Mladen Kesar admitted using monies from the Legal Aid Agency for counsel and interpreters to settle other debts and pay staff salaries and office overheads. But he denied this was deliberate and today told the Solicitors Disciplinary Tribunal that he did not understand the accounts rules at the time and believed he was allowed to act as he did.
Kesar, owner of Bromley firm Kesar & Co, said the business had suffered financial difficulties after legal aid cuts but he believed there was no need to report any issue to the Solicitors Regulation Authority.
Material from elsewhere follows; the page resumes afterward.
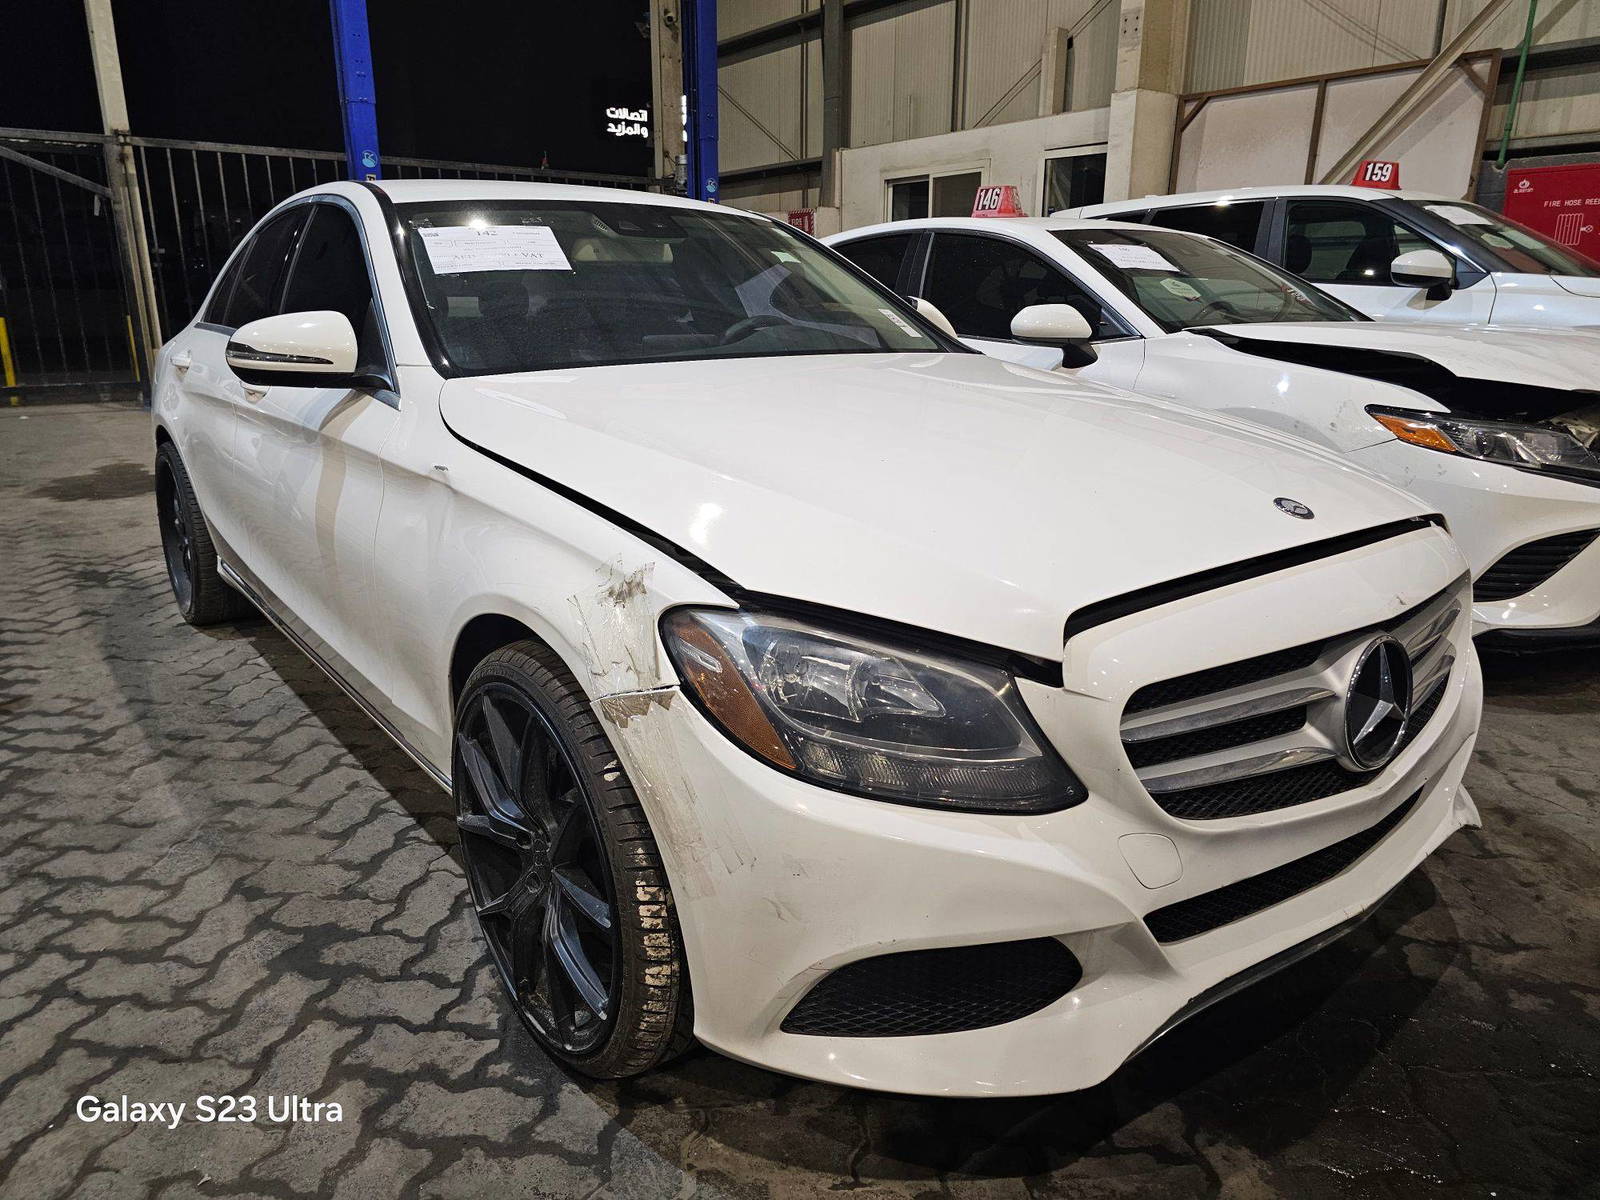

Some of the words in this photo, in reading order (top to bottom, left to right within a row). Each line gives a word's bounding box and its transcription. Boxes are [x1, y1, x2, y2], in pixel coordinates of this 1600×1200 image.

But the regulator was alerted to the firm when two suppliers, a document checker and an interpreting business, both complained about disbursements not being paid. County court judgment over these debts was obtained in May 2019.
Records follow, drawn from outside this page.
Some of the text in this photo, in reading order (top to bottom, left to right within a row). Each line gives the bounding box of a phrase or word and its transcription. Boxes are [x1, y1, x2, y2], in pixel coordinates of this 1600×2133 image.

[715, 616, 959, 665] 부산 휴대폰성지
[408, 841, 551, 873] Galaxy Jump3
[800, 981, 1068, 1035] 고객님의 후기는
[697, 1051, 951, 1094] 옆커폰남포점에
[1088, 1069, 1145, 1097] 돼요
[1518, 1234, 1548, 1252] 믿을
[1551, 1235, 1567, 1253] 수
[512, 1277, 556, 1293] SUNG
It emerged that the firm had failed to pay professional disbursements for more than six years, and by 2019 it owed £283,000 to third parties, with the oldest debt going back to 2012.
Michael Collis, for the SRA, told the tribunal that it was ‘inconceivable’ that Kesar would not have known that withholding payments and using them for other purposes was against the rules. He added: ‘There is no smoking gun which confirms they knew of the requirements of the accounts rules. But given their position of the firm, and the length of time the account rules had been in force, they must surely have known what the requirements were.’
In his evidence, Kesar said he had started the firm in 2010 with a handful of staff and he was having to act as both owner and fee earner. ‘Setting up on your own is very time-consuming… I was juggling many things at the time,’ he said. ‘It was not as obvious as you seem to think. You receive a block payment from the Legal Aid Agency for criminal and civil work – that amount does not specify what has been paid.’
Asked by Collis whether he chose to start using legal aid payments for the firm’s most urgent debts, Kesar said: ‘I was simply unaware that was a violation of the rules – I would not have continued for so many years acting in breach. When we finally realised we had breached the rules we made an effort to rectify it.’
Kesar accepted he should have reported to the SRA that the firm was in financial difficulty, but said he had believed it was managing better than most other businesses.
He denies misconduct along with former practice manager and compliance officer Elizabeth Hill, a non-solicitor. The hearing, expected to last for two days, continues.